ASSIGNMENT
Apart from the images, reproduce every record word for word.

GIVEN ENTRIES
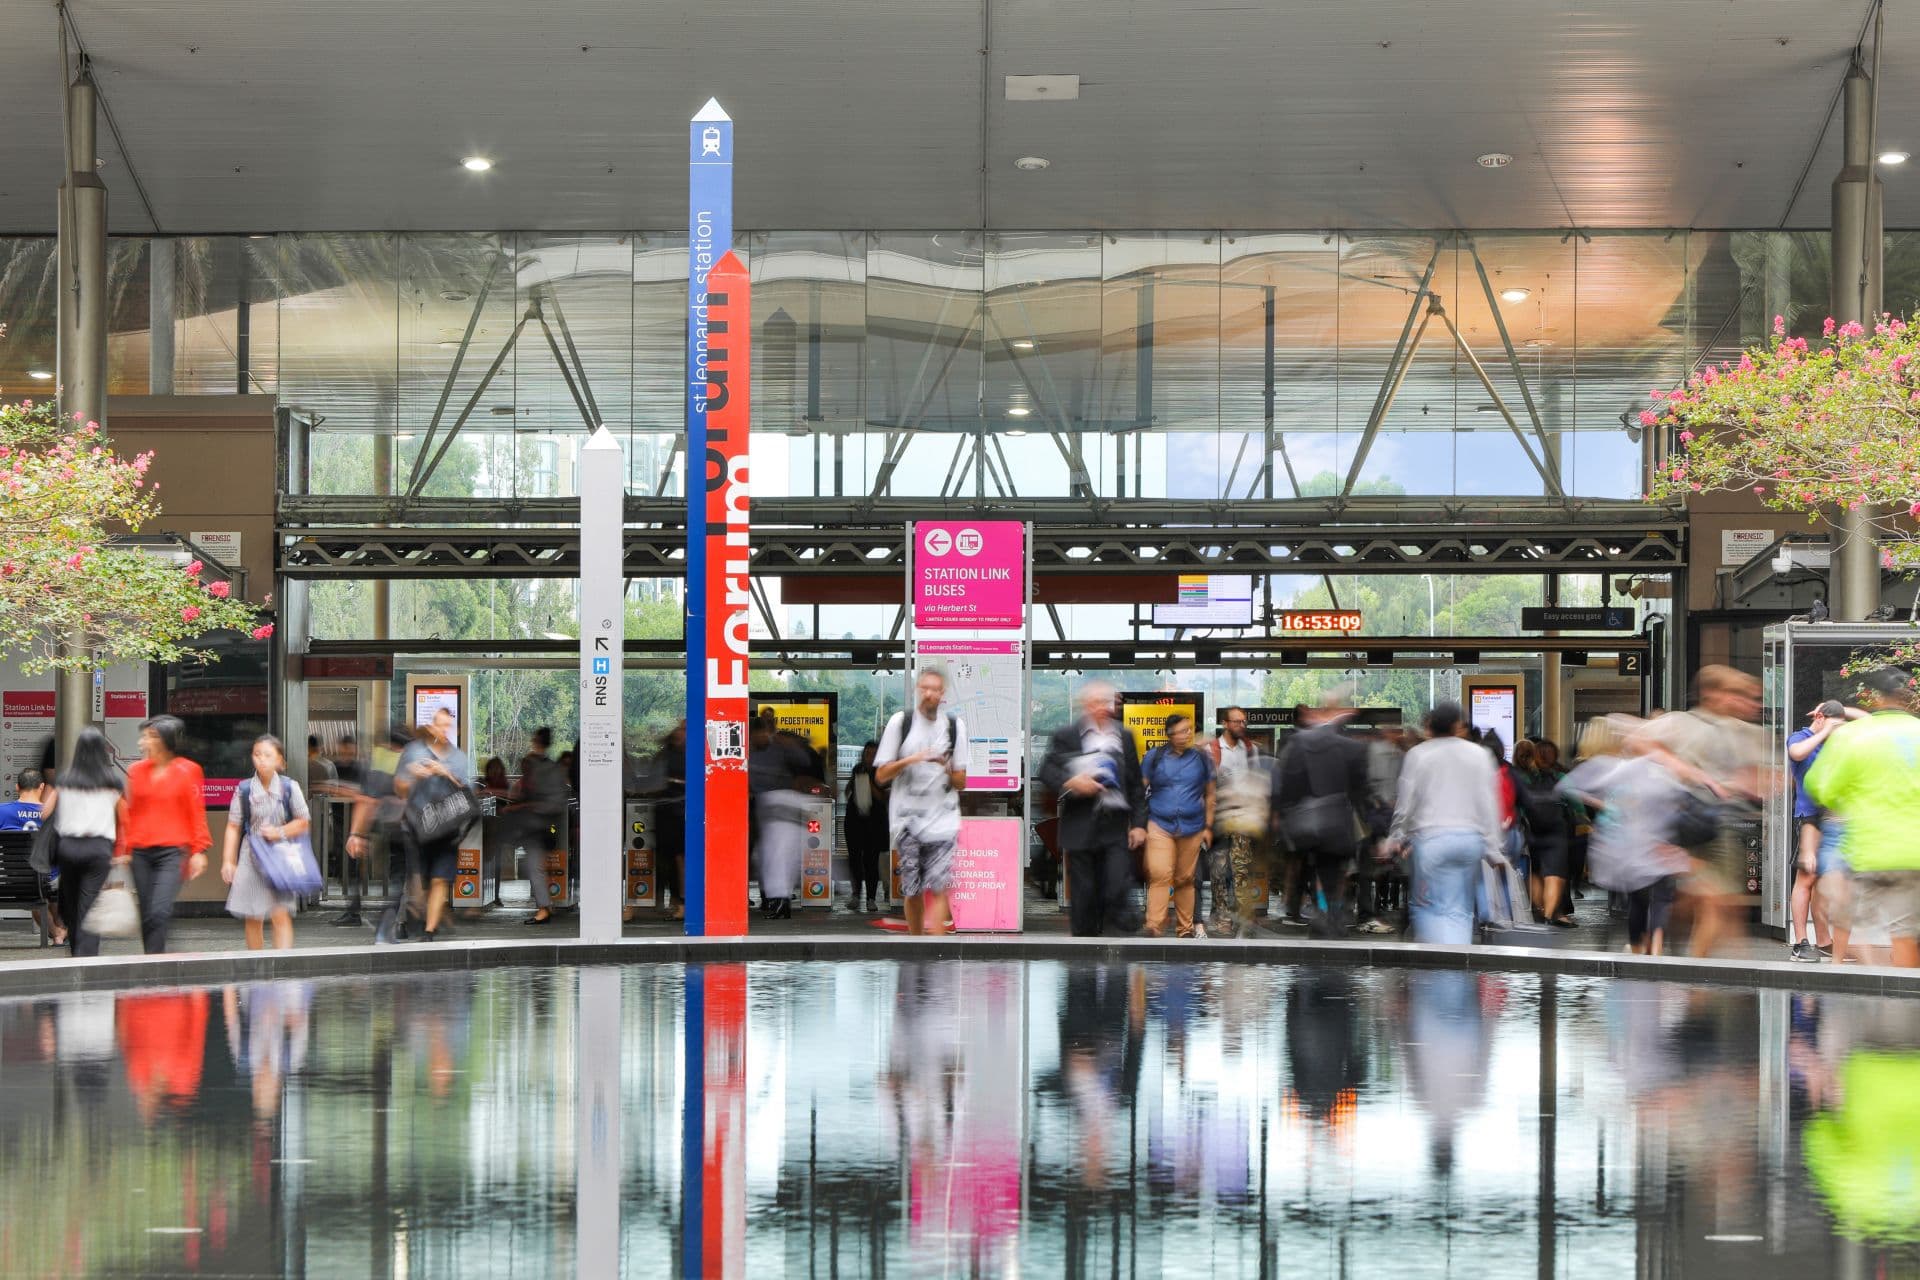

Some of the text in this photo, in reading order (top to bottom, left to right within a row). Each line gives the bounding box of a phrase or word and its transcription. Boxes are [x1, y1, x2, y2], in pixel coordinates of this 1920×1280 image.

[692, 211, 712, 284] station
[691, 292, 707, 385] leonards
[924, 567, 1010, 580] STATION LINK
[924, 584, 966, 597] BUSES
[924, 603, 977, 612] via Herbert St
[1543, 612, 1602, 621] Easy access gate
[1283, 615, 1361, 630] 16:53:09
[1626, 656, 1637, 670] 2
[596, 676, 607, 706] RNS
[4, 703, 30, 711] Station
[30, 703, 46, 711] Link
[780, 716, 824, 725] PEDESTRIANS
[1247, 711, 1290, 723] lan your
[1142, 728, 1156, 737] ARE
[17, 810, 44, 819] VARDY
[969, 849, 999, 857] HOURS
[958, 860, 975, 868] FOR
[951, 870, 993, 879] LEONARDS
[946, 881, 1006, 889] DAY TO FRIDAY
[954, 892, 976, 900] ONLY
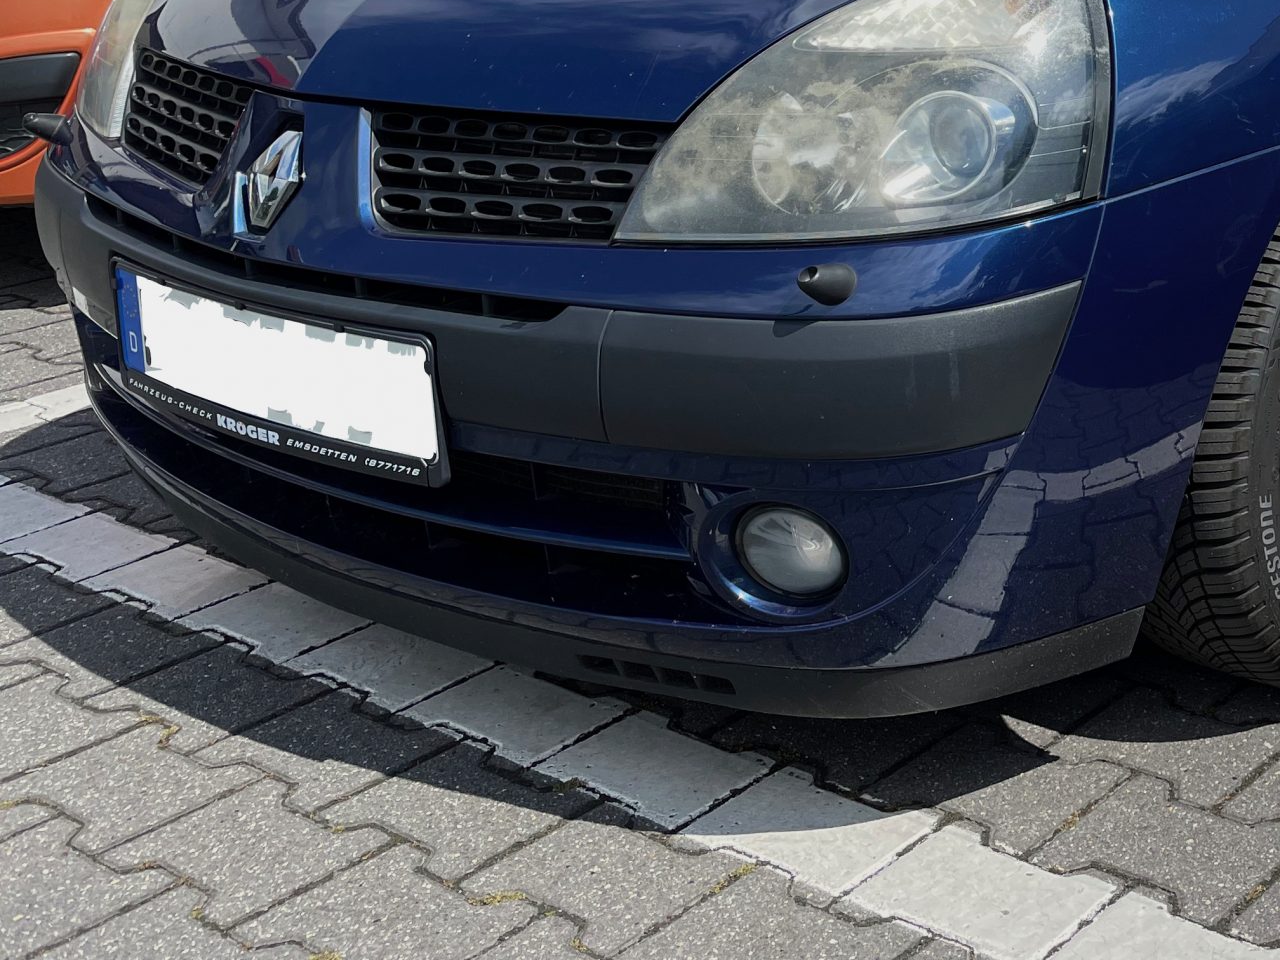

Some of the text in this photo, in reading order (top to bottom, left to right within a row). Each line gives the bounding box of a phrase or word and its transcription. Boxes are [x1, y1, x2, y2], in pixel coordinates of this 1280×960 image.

[129, 330, 138, 353] D
[129, 378, 213, 421] FAHRZEUG-CHECK
[216, 413, 281, 446] KRÖGER
[286, 438, 358, 463] EMSDETTEN

ANSWER BOX
Some of the text in this photo, in reading order (top to bottom, left to right within a row). Each line gives the bounding box of a phrase or word and its transcription. Boxes are [x1, y1, x2, y2], in pixel coordinates of this 1920×1280 image.

[692, 211, 712, 284] station
[691, 292, 707, 385] leonards
[924, 567, 1010, 580] STATION LINK
[924, 584, 966, 597] BUSES
[924, 603, 977, 612] via Herbert St
[1543, 612, 1602, 621] Easy access gate
[1283, 615, 1361, 630] 16:53:09
[1626, 656, 1637, 670] 2
[596, 676, 607, 706] RNS
[4, 703, 30, 711] Station
[30, 703, 46, 711] Link
[780, 716, 824, 725] PEDESTRIANS
[1247, 711, 1290, 723] lan your
[1142, 728, 1156, 737] ARE
[17, 810, 44, 819] VARDY
[969, 849, 999, 857] HOURS
[958, 860, 975, 868] FOR
[951, 870, 993, 879] LEONARDS
[946, 881, 1006, 889] DAY TO FRIDAY
[954, 892, 976, 900] ONLY

Some of the text in this photo, in reading order (top to bottom, left to right within a row). Each line gives the bounding box of a phrase or word and its transcription. Boxes are [x1, y1, x2, y2], in pixel coordinates of this 1280×960 image.

[129, 330, 138, 353] D
[129, 378, 213, 421] FAHRZEUG-CHECK
[216, 413, 281, 446] KRÖGER
[286, 438, 358, 463] EMSDETTEN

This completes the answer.